MR. PYE: Kids in Need. I don't know if it is still an advocacy organization or not.

MADAM CHAIRMAN: Do you have a contact name?

MR. PYE: It was established in the Sackville area, as a matter of fact, in the metro area.

MADAM CHAIRMAN: Well, if you have even a former contact name, perhaps you could give it to Mora and she can track it down.

[Page 40]

MR. PYE: I certainly will.

MADAM CHAIRMAN: The other possibility that came up would be the Children's Aid Society, I'm not sure, there's one in Halifax I know but there are comparable groups throughout Nova Scotia. Do members have other suggestions? Usually, we have perhaps three witnesses. Do you want Mora to pursue those as possibilities?

MR. MACKINNON: Sure.

MADAM CHAIRMAN: It may be that the department has some recommendations of groups that you have worked with in the past or currently who advocate on behalf of children or families in crisis.

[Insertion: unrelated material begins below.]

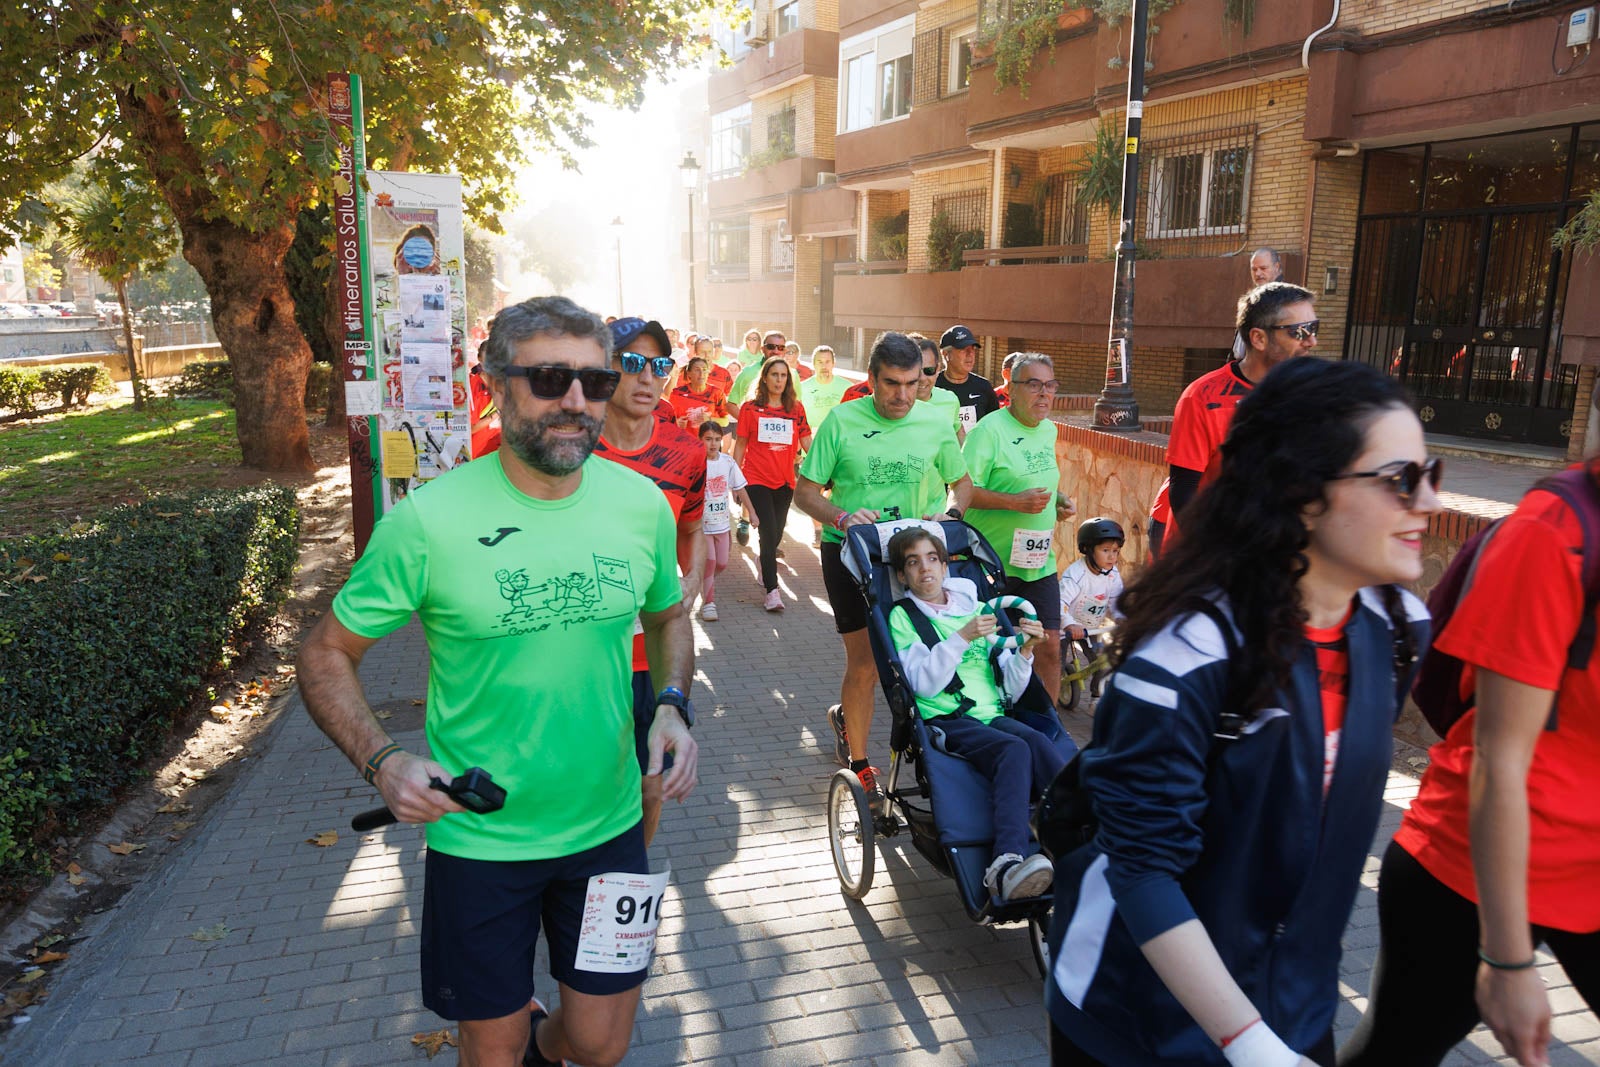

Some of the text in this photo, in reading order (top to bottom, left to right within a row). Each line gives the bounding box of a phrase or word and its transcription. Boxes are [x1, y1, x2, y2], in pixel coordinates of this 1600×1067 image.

MS. TRACEY WILLIAMS: Can you leave that with us and we will get in touch with Mora?

MADAM CHAIRMAN: Sure, that would be great. So, is everyone satisfied with the possibility of meeting again on January 15th?

Is it agreed?

It is agreed.

Any other business that anyone wants to bring up?

MR. HINES: I would like to wish everyone a Merry Christmas.

MADAM CHAIRMAN: Yes, exactly, all the best over the holiday season.

The meeting is adjourned.

[The committee adjourned at 11:11 a.m.]